_Exercise brief:_
Write the data out again exactly, with no pictures.

_Data for the task:_
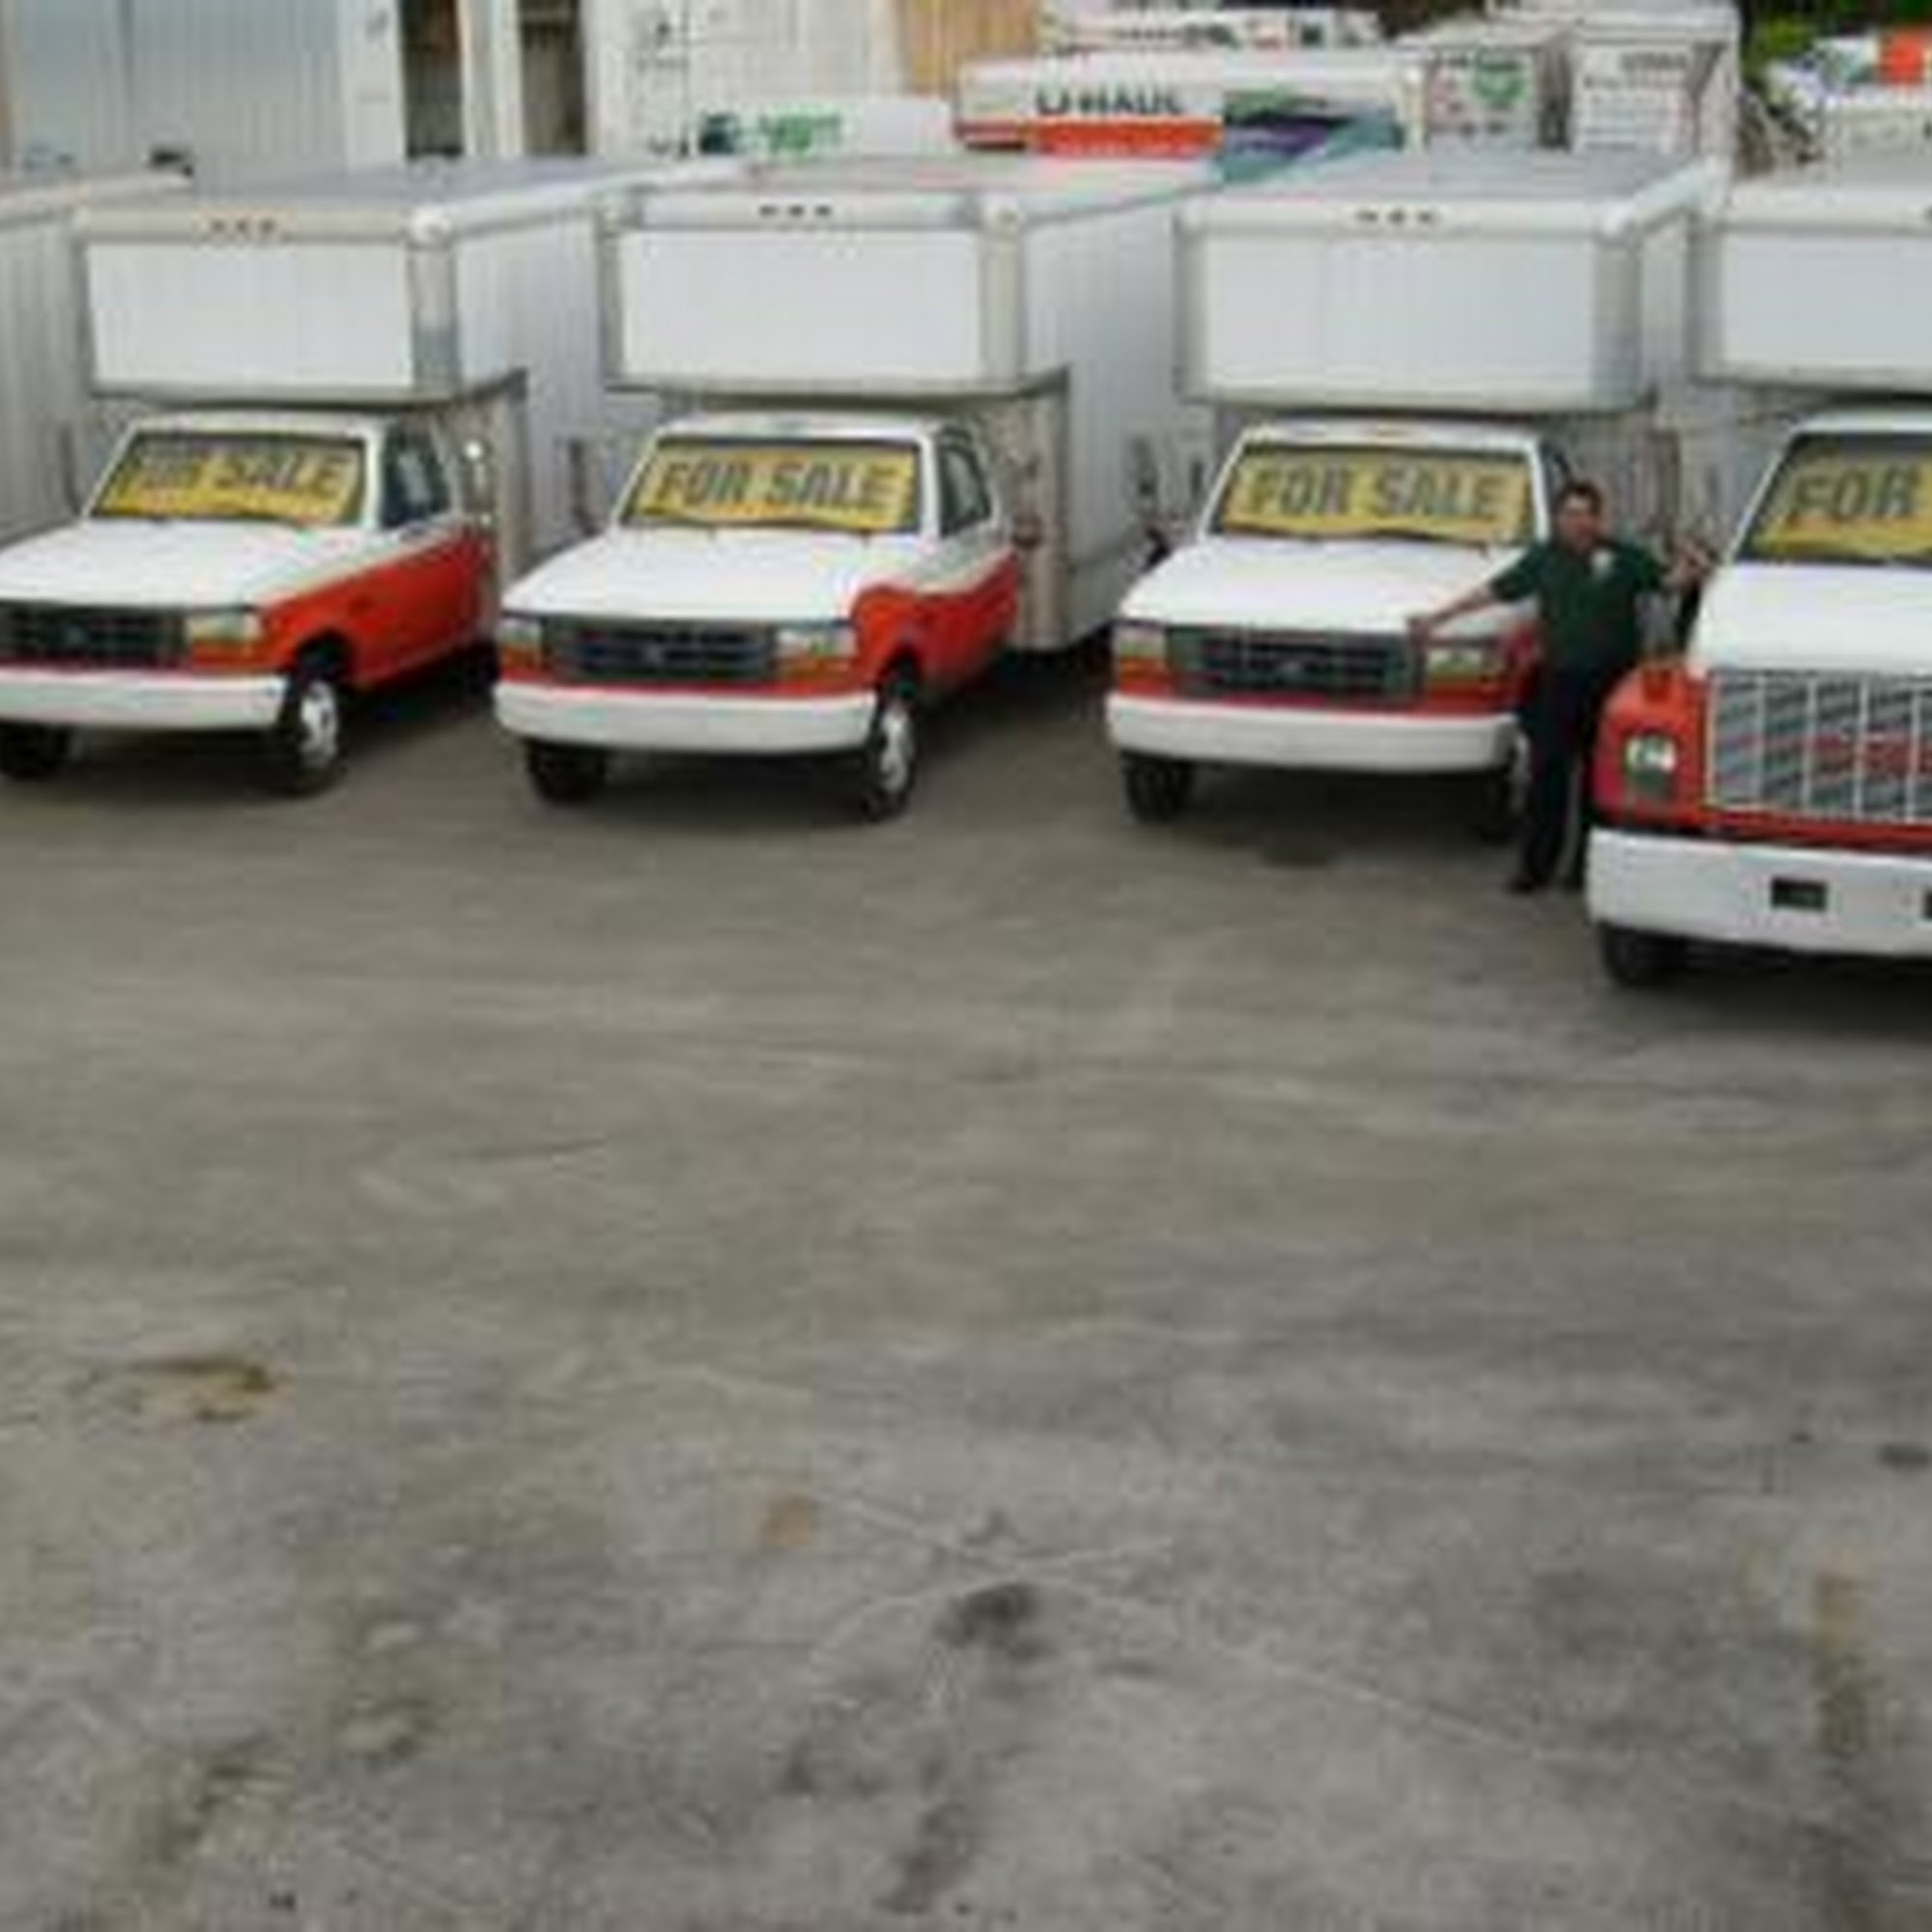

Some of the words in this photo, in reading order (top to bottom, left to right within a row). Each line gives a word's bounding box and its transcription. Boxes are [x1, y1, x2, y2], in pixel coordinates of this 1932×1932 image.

[220, 446, 352, 496] SALE
[649, 460, 751, 508] FOR
[766, 460, 900, 514] SALE
[1248, 468, 1350, 515] FOR
[1372, 469, 1502, 522] SALE
[1789, 468, 1919, 523] FOR

_Problem solution:_
Some of the words in this photo, in reading order (top to bottom, left to right within a row). Each line gives a word's bounding box and its transcription. Boxes are [x1, y1, x2, y2], in pixel coordinates of this 1932×1932 image.

[220, 446, 352, 496] SALE
[649, 460, 751, 508] FOR
[766, 460, 900, 514] SALE
[1248, 468, 1350, 515] FOR
[1372, 469, 1502, 522] SALE
[1789, 468, 1919, 523] FOR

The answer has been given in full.